TASK TO COMPLETE.
Repeat everything in the listing exactly, except for the images.

DATA SECTION.

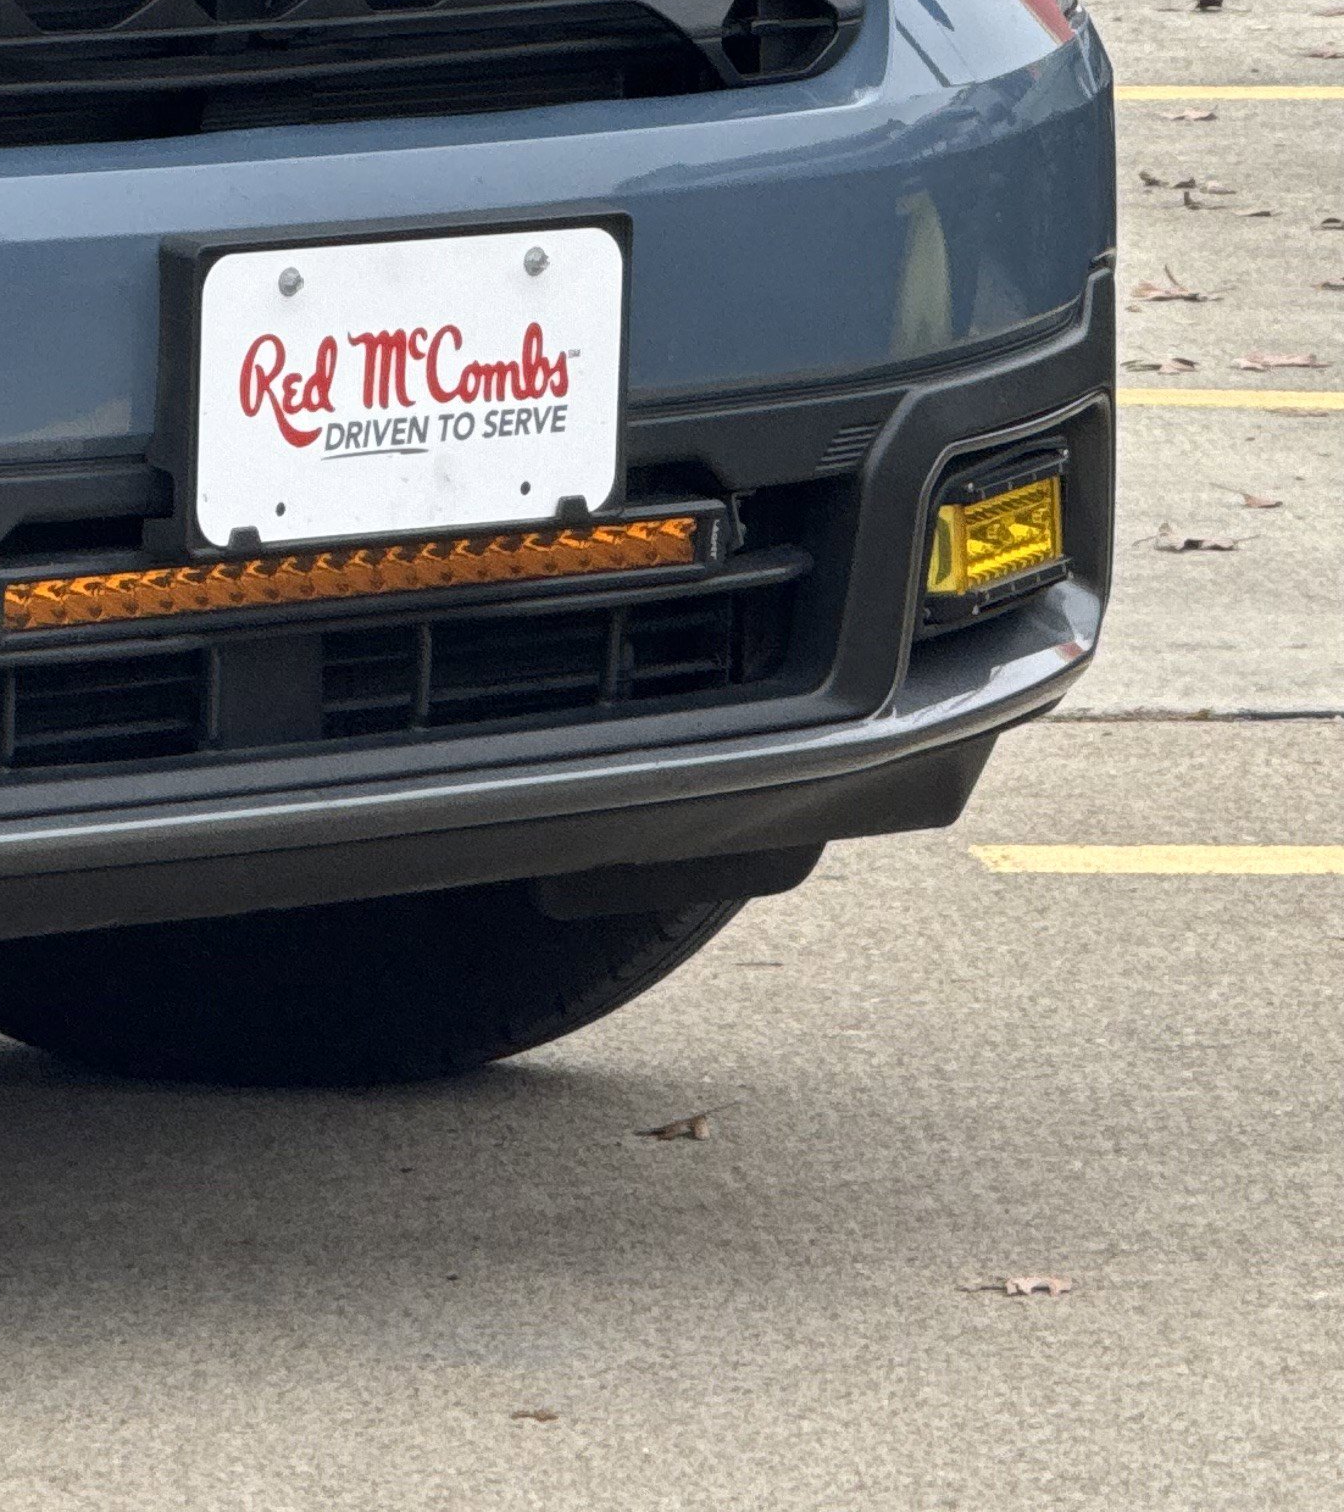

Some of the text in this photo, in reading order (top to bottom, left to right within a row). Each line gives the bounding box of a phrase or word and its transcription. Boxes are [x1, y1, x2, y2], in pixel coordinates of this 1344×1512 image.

[239, 333, 338, 448] Red
[347, 322, 569, 409] McCombs
[324, 404, 568, 452] DRIVEN TO SERVE
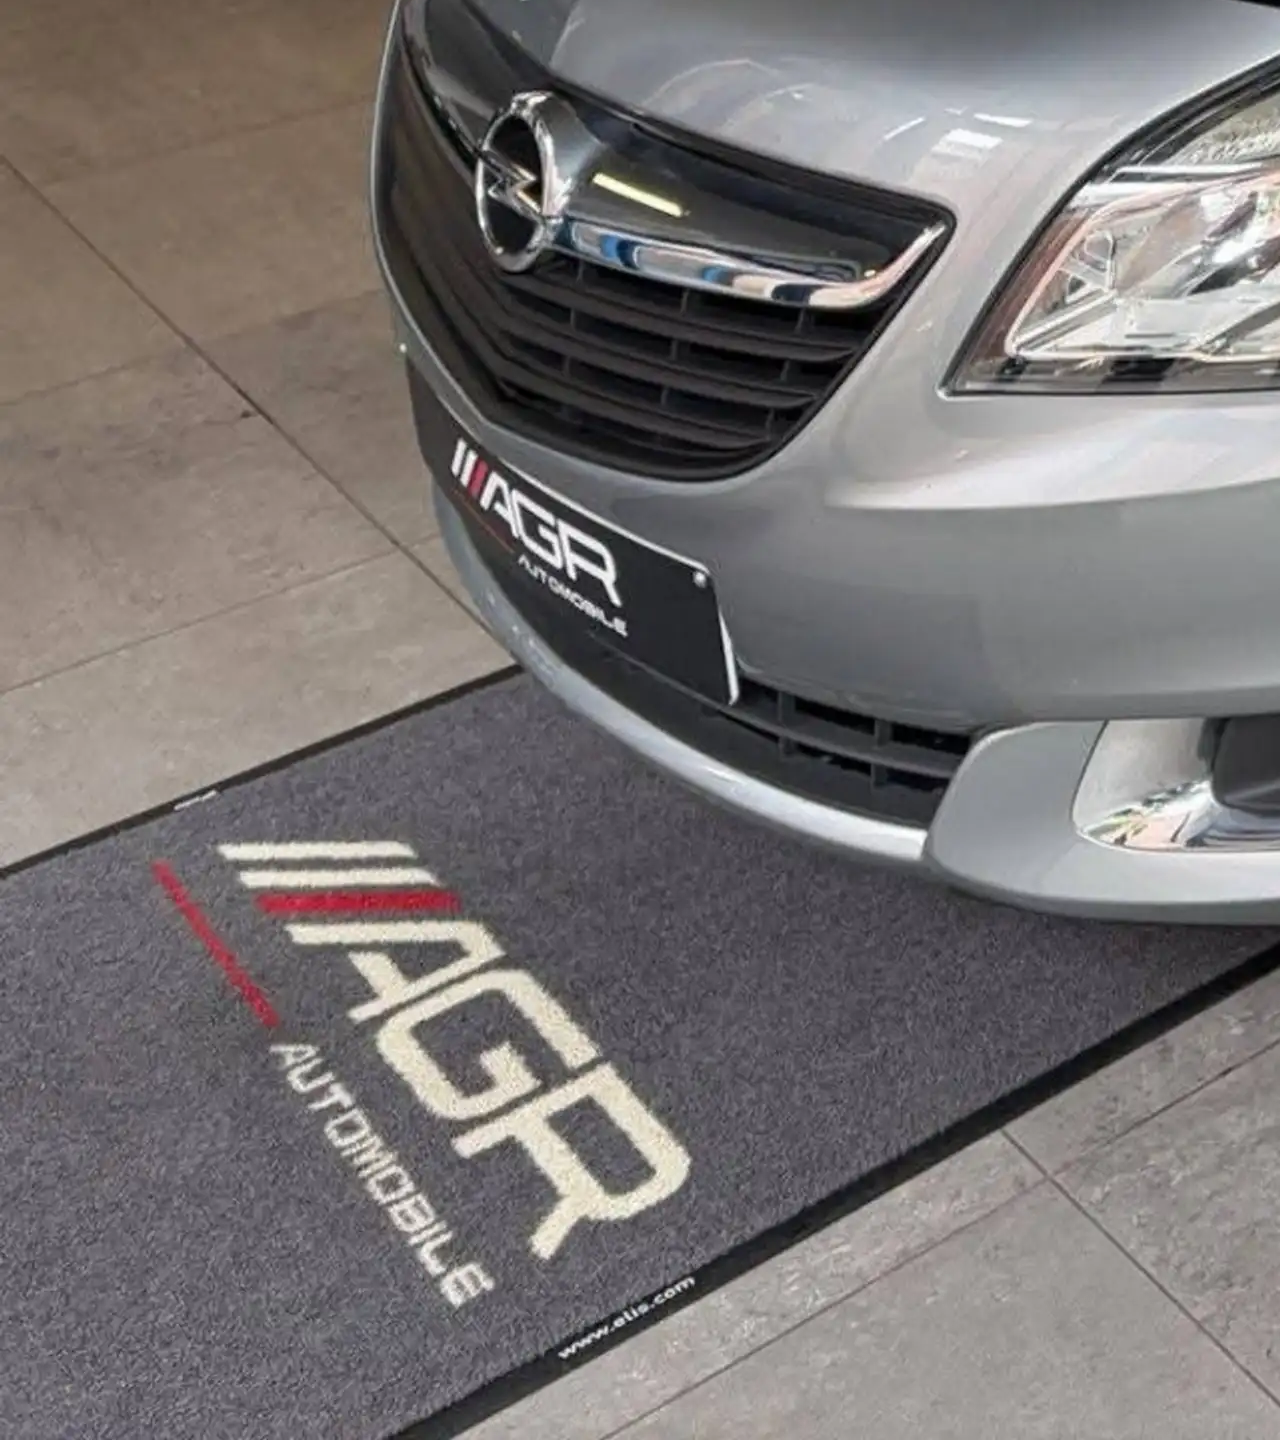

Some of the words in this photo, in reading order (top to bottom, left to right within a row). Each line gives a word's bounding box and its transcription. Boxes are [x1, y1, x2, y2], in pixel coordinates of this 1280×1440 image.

[479, 471, 622, 607] AGR
[518, 554, 628, 637] AUTOMOBILE
[284, 919, 691, 1260] AGR
[270, 1043, 495, 1308] AUTOMOBILE
[558, 1276, 696, 1359] www.elis.com
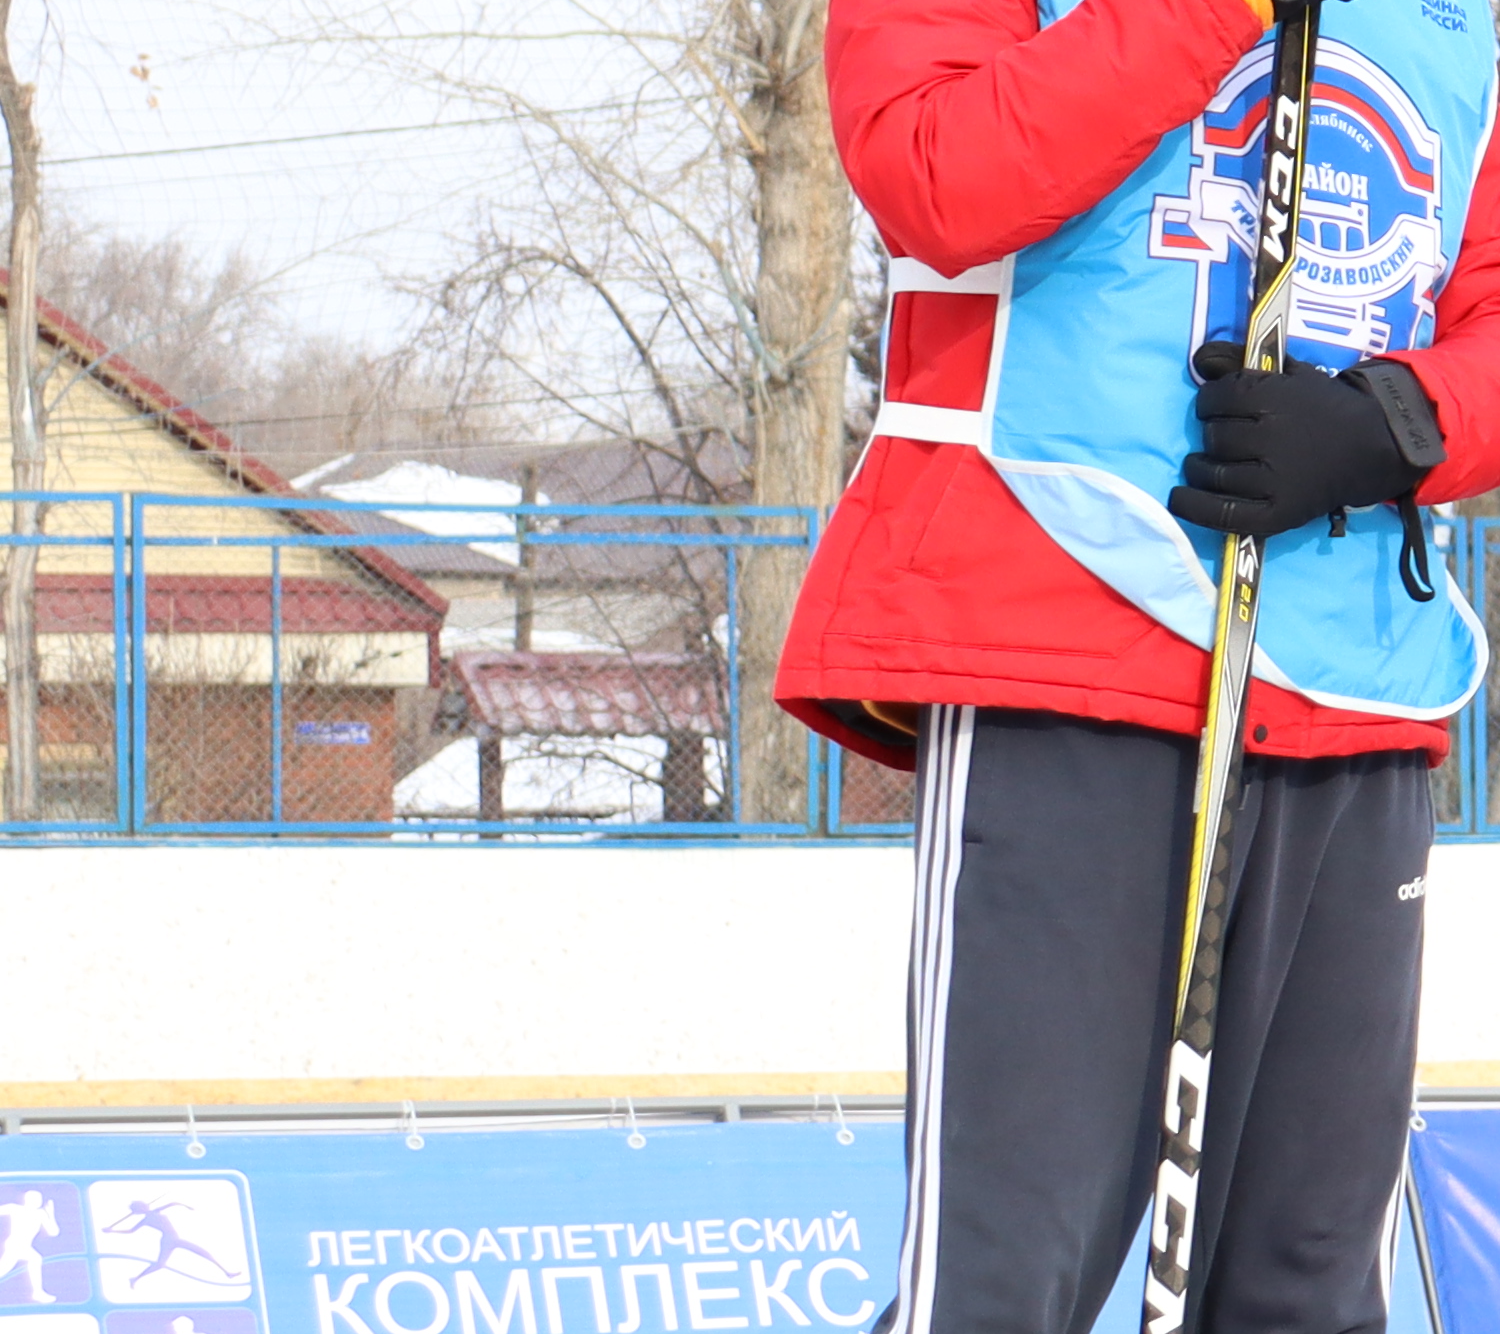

REPLY.
Some of the text in this photo, in reading order (top to bottom, left to right within a row). Each line gives the bounding box of a phrase or word and its transcription. Boxes are [x1, y1, x2, y2], in pixel coordinates of this 1344×1512 image.

[239, 333, 338, 448] Red
[347, 322, 569, 409] McCombs
[324, 404, 568, 452] DRIVEN TO SERVE

Some of the words in this photo, in reading order (top to bottom, left to right within a row). Each line gives a word's bounding box and its transcription. Boxes are [x1, y1, x2, y2], in pixel coordinates of this 1280×1440 image.

[479, 471, 622, 607] AGR
[518, 554, 628, 637] AUTOMOBILE
[284, 919, 691, 1260] AGR
[270, 1043, 495, 1308] AUTOMOBILE
[558, 1276, 696, 1359] www.elis.com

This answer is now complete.